We provide some Matlab code to score the results and eventually generate new data (see http://www.causality.inf.ethz.ch/data/@signet.zip):

==> Usage for scoring:

s=read_rules(signet, 'your_submission_file.txt');

err=compare_rules(s);

Here is how it works:

- for each rule "zozo = some_boolean_expr(some_variables)"

* pool together the variables in the true rule for zozo and the propose rule

* create input vectors for all possible assignments of values to these variables

* apply the true rule to each input vector to get the target variables T

* apply the proposed rule to get the predicted Y

* Compute the error rate (fraction of disagreements between Y and T)

- average the error rates over all rules.

==> Usage for generating data:

dat=gene(signet, num, v_ini);

v_ini = initial state (43 binary values)

num = number of time steps

Returns a data matrix.

Submit results to causality [at] clopinet [dot] com

#1 | Mehreen Saeed | 2008-09-18 09:06:43 | - |

Are the variables in the boolean rule time dependent? So do time steps have to be taken into account when formulating a rule, for example

ABI (at time step t) = (pH at time step (t-1)) or (pH at time step (t-2))

#2 | Jerry Jenkins | 2008-09-22 20:12:14 | In reply to message #1 |

The variables are only dependent on the values from the previous time step { (t-1) in your notation}. The rule that you have presented would not occur in this network.

#3 | Isabelle Guyon | 2008-09-25 00:41:34 | In reply to message #1 |

A few more precisions (from the PLOS paper):

The simulations are made using asynchrounous updates. Every node is updated exactly once during each unit time interval, according to a given order. This order is a permutation of the N nodes in the network, chosen randomly out of a uniform distribution over the set of all N! possible permutations. A new update order is selected at each timestep.

#4 | Isabelle Guyon | 2008-09-25 20:08:13 | - |

Erratum: The original file containing the 300 simulations was truncated. It has now been replaced. Please rely on the data file found on this web site for training your models: http://www.causality.inf.ethz.ch/data/SIGNET.zip, not the one posted on the UCI repository. We will correct this other entry as soon as possible.

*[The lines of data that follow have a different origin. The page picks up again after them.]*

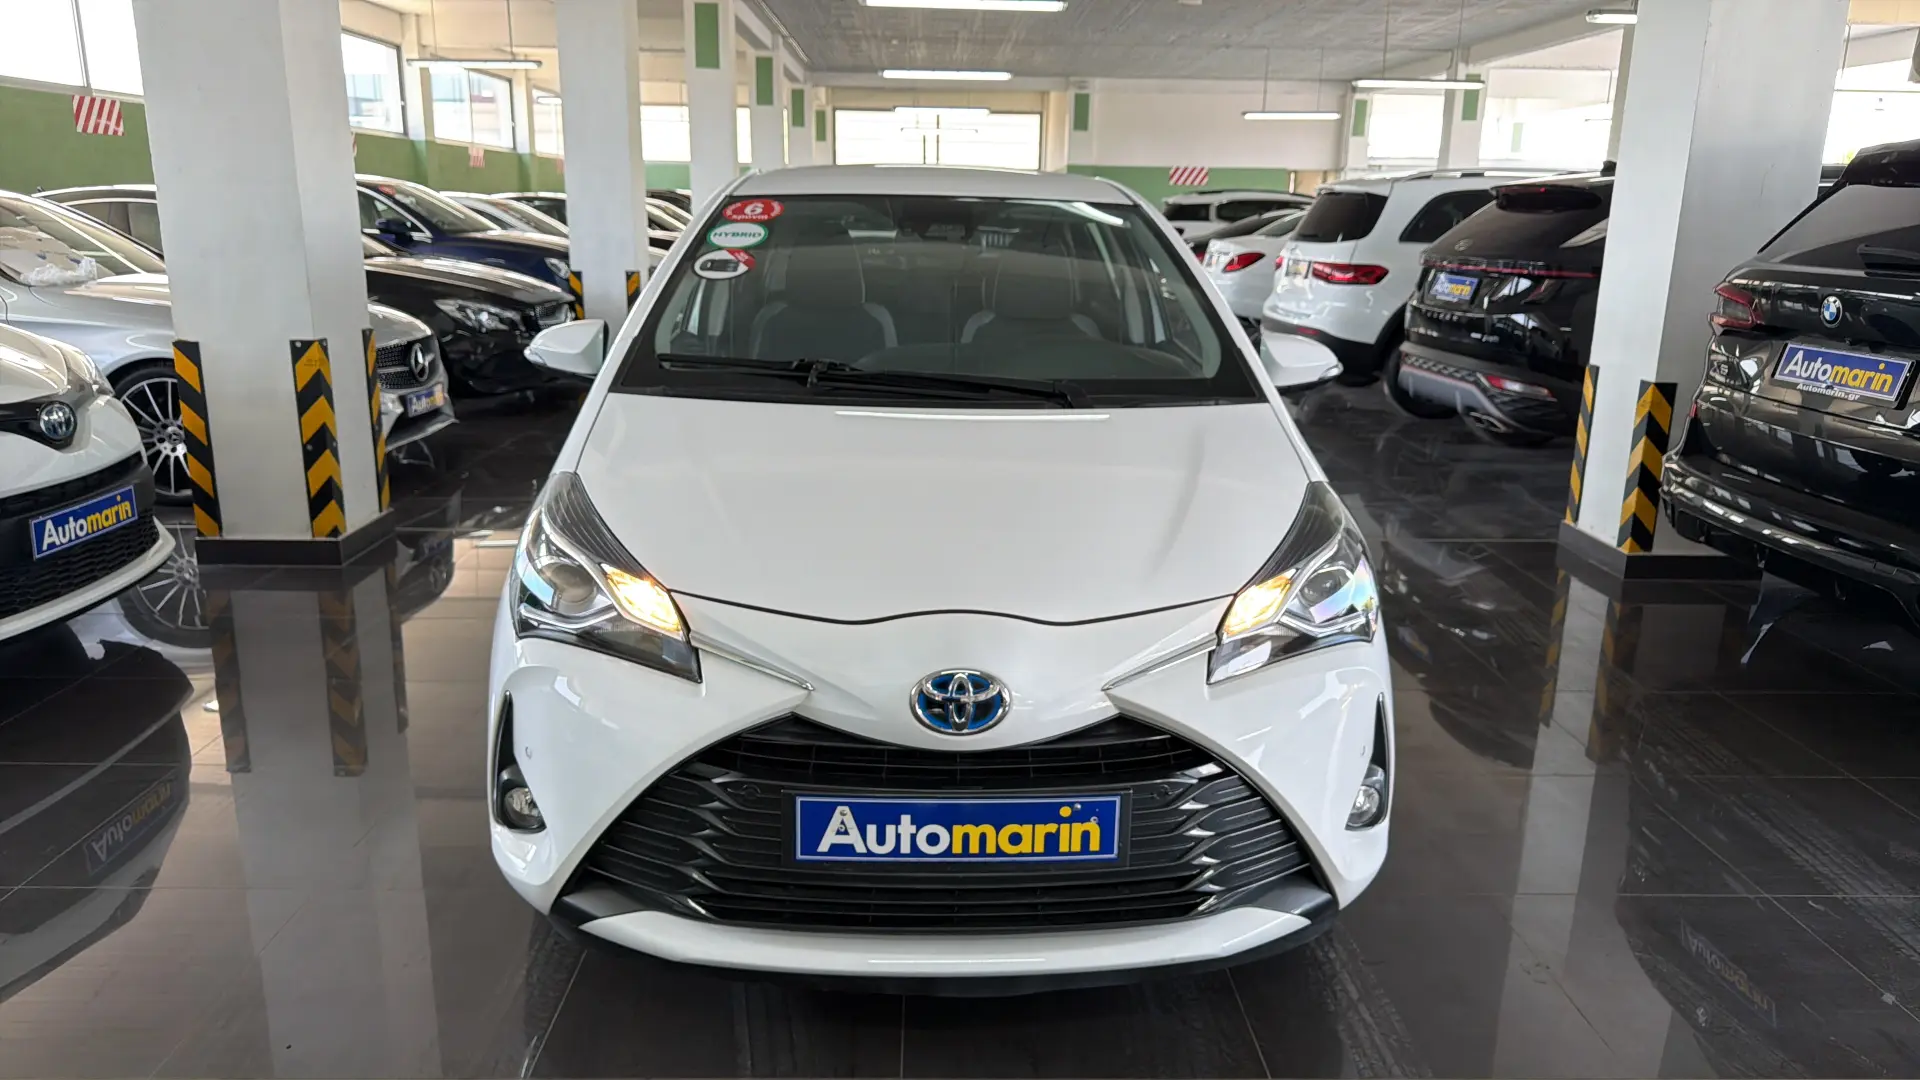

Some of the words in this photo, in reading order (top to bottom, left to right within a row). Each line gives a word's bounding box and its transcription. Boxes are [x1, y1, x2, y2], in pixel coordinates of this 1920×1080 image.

[744, 202, 765, 216] 6
[713, 231, 762, 239] HYBRID
[1784, 350, 1893, 392] Automarin
[1796, 383, 1860, 400] Automarin.gr
[42, 495, 132, 551] Automarin
[816, 806, 1101, 855] Automarin

#5 | Mehreen Saeed | 2008-10-28 08:15:19 | - |

Is there a routine available for coverting a boolen expression to regular DNF?

#6 | Isabelle Guyon | 2008-10-28 16:34:04 | In reply to message #5 |

One way to do it is to generate the truth table and then use a program like Minilog http://en.wikipedia.org/wiki/Minilog to generate the formula.

#7 | Mehreen Saeed | 2008-11-14 09:40:20 | - |

Some rules cannot be inferred from the simulation data. For example the rule involving ABA:

MALATE = PEPC and not ABA and not AnionEM

The value of ABA variable in the simulation data is always a one and hence the value of malate will always be zero, hence implying that this variable is always a constant.

Maybe it would help to have more simulation data provided for rule extraction

#8 | Isabelle Guyon | 2008-11-17 19:03:03 | In reply to message #7 |

Please provide the results for the original dataset and explain the problem. You may then also generate new data and provide, for instance, an evolution of performance as a function of data set size. There is a function to generate data from the Matlab code provided. See the updated dataset description.

#9 | Mehreen Saeed | 2008-11-21 08:22:38 | - |

A change should be made to the evaluation system for rules that involve constants. For example consider the following two rules given on the website:

ABA = 1

PH = ABA

Our method detects the rule: PH = 1, which is correct. However, in the evaluation of this rule it generates two possible values of ABA, hence giving us 50% accuracy (whereas it is 100%). This is true for a number of rules of the system.

A change in the actual rules should be made, replacing the two constants ABA and AGB with constant (1) value. The rules with other constants shouldn't necessarily be changed as their values appear as zero or one in the initial simulation vector.